Flash forward to 3PM today and me taking a quick look on CraigsList to see if any more stainless steel gas ranges have shown up. None in my town. None in Portland, the city to the north. I check in Seattle, hundreds of miles north. We're planning to visit there soon so maybe it could work out. Nothing in my price range (I have also envisioned getting a really good deal on this stove, because that's very Vortexy to me). I look at the list of cities and notice that Corvallis, a college town south of us, has a CraigsList. Completely on a whim, I click on Corvallis and almost immediately I find a listing with 3 beautiful big pictures of a stove I could love. The address is on Canyon Way, which is the name of a street in Beaverton, a town up North, not down South. I excitedly call the number. Yes, they still have the stove and yes, they are in Beaverton, not Corvallis. I'm surprised, because at the listed price, this stove should logically be gone by now. And this is a store that offers a warranty on all their purchases. I begin to think.....and I pull back the doubtful thought. I call fabulous partner, tell him about it and tell him I'm going to drive up and take a look at it. The man at the store says he will hold the stove for me and won't sell it before I get there.
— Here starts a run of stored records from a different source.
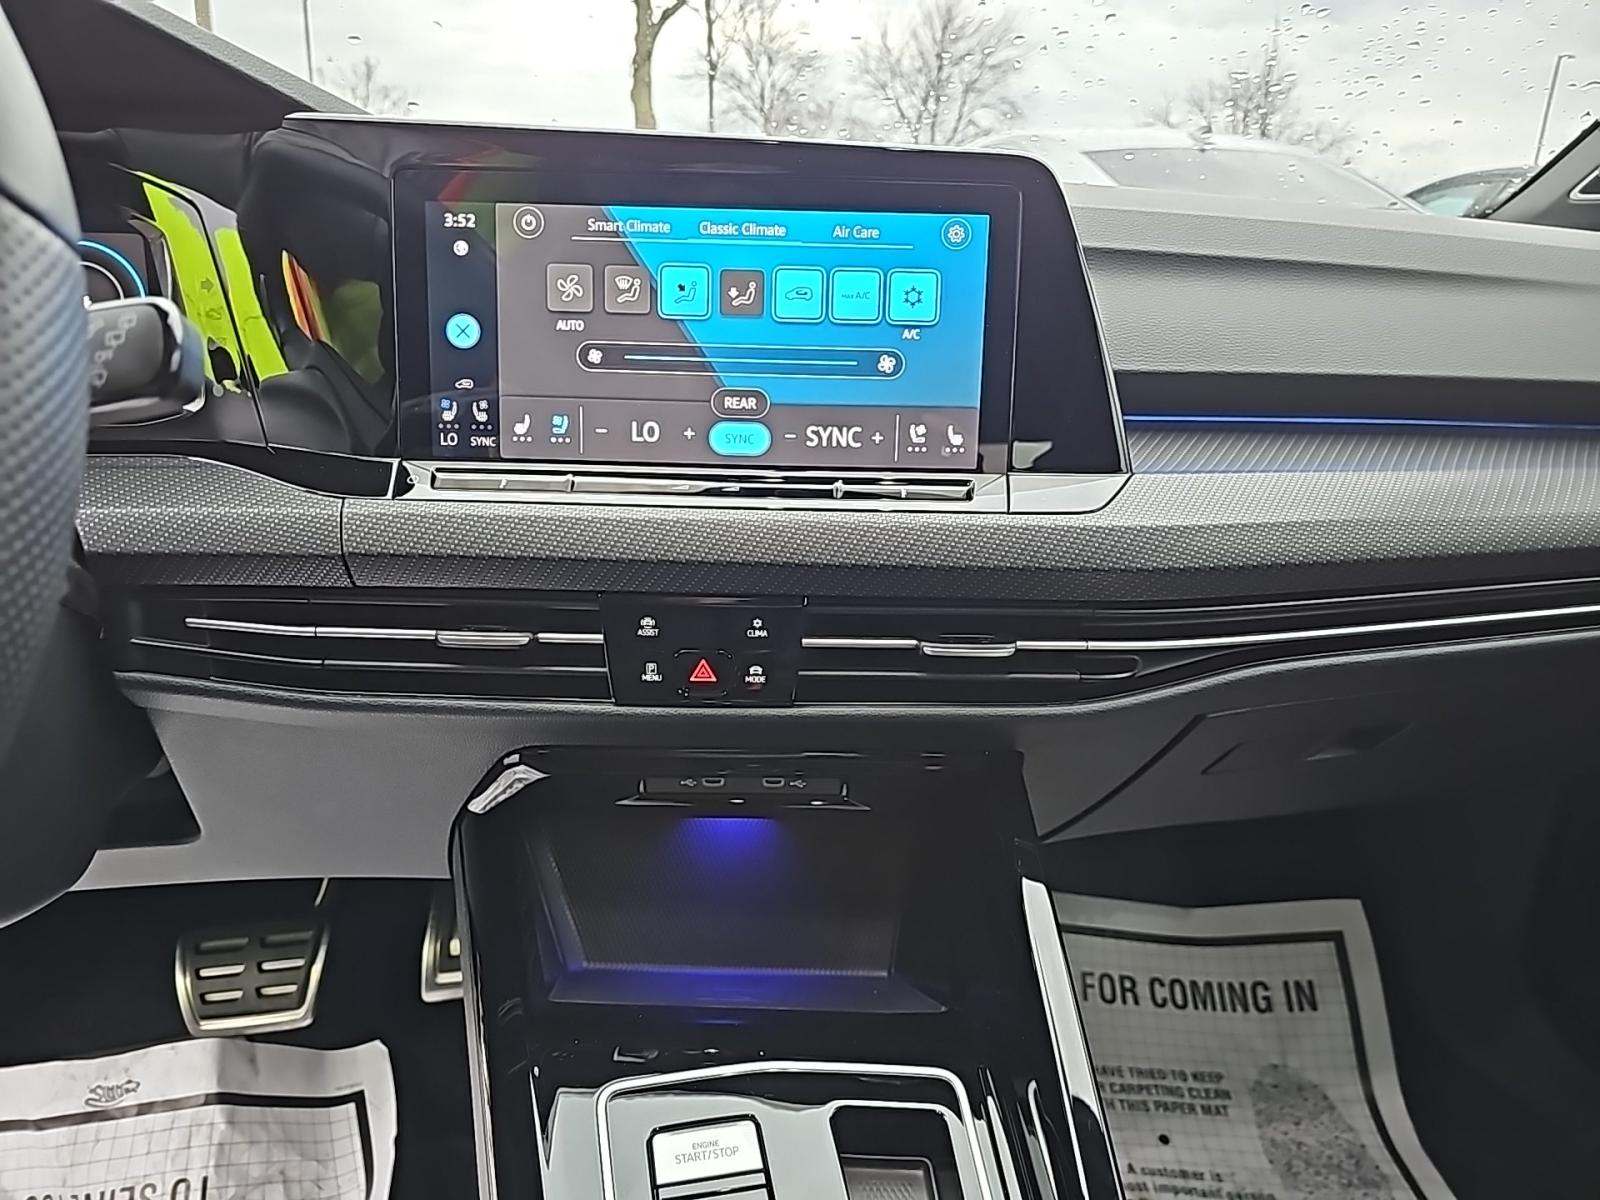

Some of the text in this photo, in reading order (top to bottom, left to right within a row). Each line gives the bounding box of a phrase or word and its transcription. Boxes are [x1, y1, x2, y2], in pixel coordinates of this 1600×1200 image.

[443, 212, 476, 229] 3:52
[587, 218, 671, 234] Smart Climate
[699, 221, 787, 237] Classic Climate
[832, 225, 880, 240] Air Care
[855, 291, 871, 300] A/C
[556, 319, 585, 332] AUTO
[902, 328, 921, 340] A/C
[724, 396, 757, 411] REAR
[440, 432, 459, 447] LO
[631, 421, 661, 444] LO
[724, 432, 755, 446] SYNC
[805, 424, 863, 449] SYNC
[470, 436, 497, 448] SYNC
[637, 628, 660, 637] ASSIST
[747, 629, 768, 638] CLIMA
[641, 673, 662, 682] MENU
[744, 675, 766, 684] MODE
[1081, 971, 1318, 1014] FOR COMING IN
[1170, 1069, 1188, 1082] TO
[691, 1140, 720, 1151] ENGINE
[674, 1145, 740, 1165] START/STOP
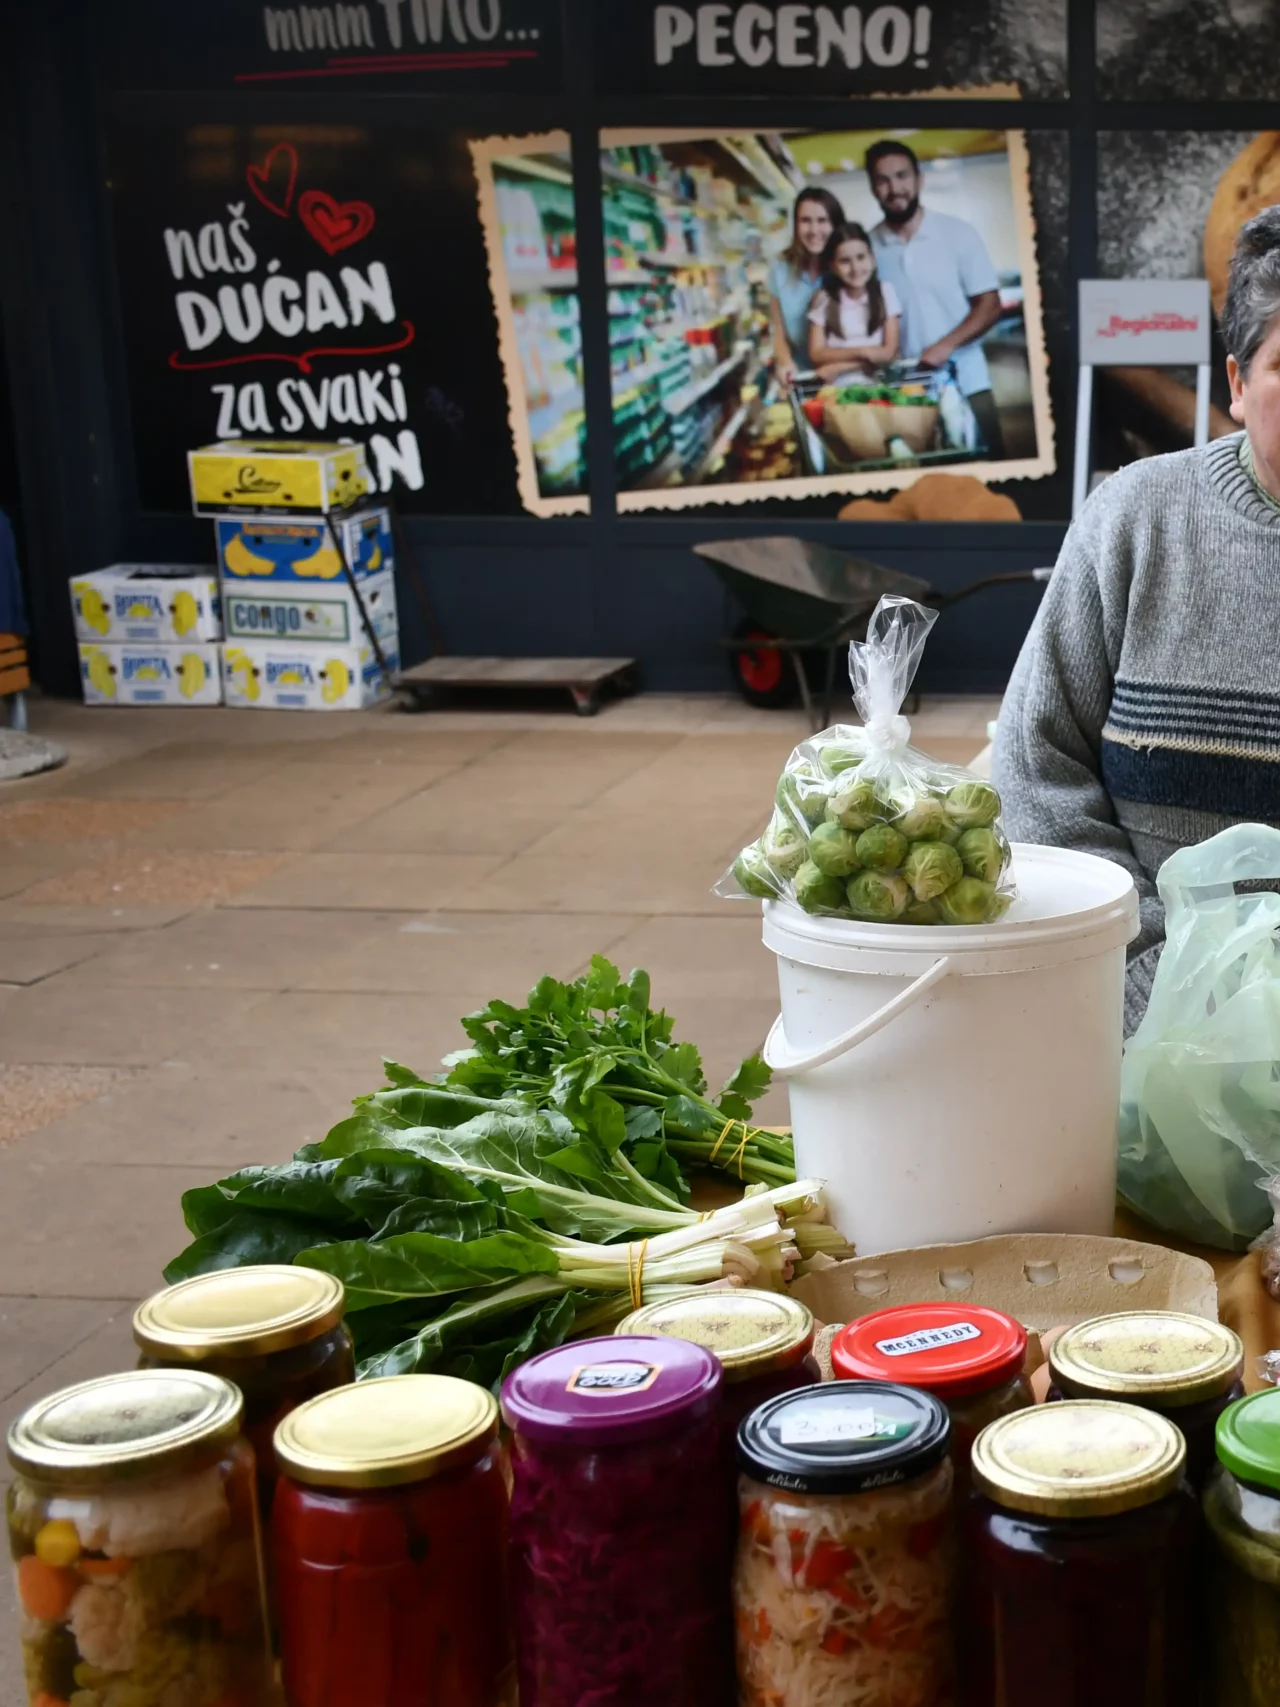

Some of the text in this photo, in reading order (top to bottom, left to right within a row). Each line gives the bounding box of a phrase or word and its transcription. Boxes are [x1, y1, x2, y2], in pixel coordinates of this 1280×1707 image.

[264, 3, 374, 51] mmm
[163, 201, 257, 280] naš
[175, 258, 396, 351] DUĆAN
[211, 362, 408, 439] za svaki
When I arrive, the man I talked to has gone and the stove has a much higher price on it than the price listed in the ad. (I pull back the thought.) The man who is there takes me at my word and says that I can have it at the price I quoted. Of course he does, I'm in the Vortex. When you live in the Vortex, the Universe is on your side. Things go your way.


I noticed in the picture that there were a few scratches on the front edge of the stove. I had brought my can of Never Dull (one of my favorite metal polishes) and a buffing cloth and I tell him I just want to try to polish up some of those scratches. He takes a picture of the can because I tell him that this product will remove a lot of things from metal (rust, water spots, baked on grease, etc.) and if you want stainless or chrome to sparkle, this is what to use. I got mine at an auto supply store and I've had my one can has lasted for about 3 years now and I love it. But wait, he says, if you want to remove those scratches here's what you need. He brings out a 600 grit (or maybe even finer) black sanding sponge and some furniture spray polish. He sands out one of the scratches and now I'm in my restoration Vortex, because it looks beautiful. I purchase the stove!


By the way, I mention to him that his ad did not appear in my search of the Portland CraigsList. I tell him I found the ad by going to the Corvallis CL. That's funny, he says, we never place ads in Corvallis. I have to assume that the glitch was simply for my benefit. It was a way to reserve my stove just for me. By staying in the Vortex and then following impulses while I was in there, the path to my stove lit up. The decisions to not be annoyed with the other stove people or the electric company kept me in the Vortex and kept me in Step 3, the allowing mode. 


I drove away from the store reflecting on the day and rejoicing. I decided to drive into Portland to visit my son. I would normally just feel my way back into Portland by driving down Canyon Way. But I had my Android and its wonderful navigation programs and decided to follow their directions. Of course I was listening to Abraham--I was in the car, what else would I be listening to? I took a different route with wonderfully clear traffic and ended up stopped at a light on Williams and Shaver. Abraham has just made a joke and I was laughing. A car to my right moved through the intersection and revealed a big sign leaning on the side of the building (a bike repair shop) which proclaimed:


"ABRAHAM FIXES"

I could not agree more.



Wednesday, June 1, 2011

Abraham: Just Swept In/Coffee in the Vortex

My shadow Buddha.




Hello from the Vortex, all you lovely Abe fans out there. At one time I pushed against using the term "Abe", but that was OOV and I'm laughing about that because today from inside the Vortex, I quite like it!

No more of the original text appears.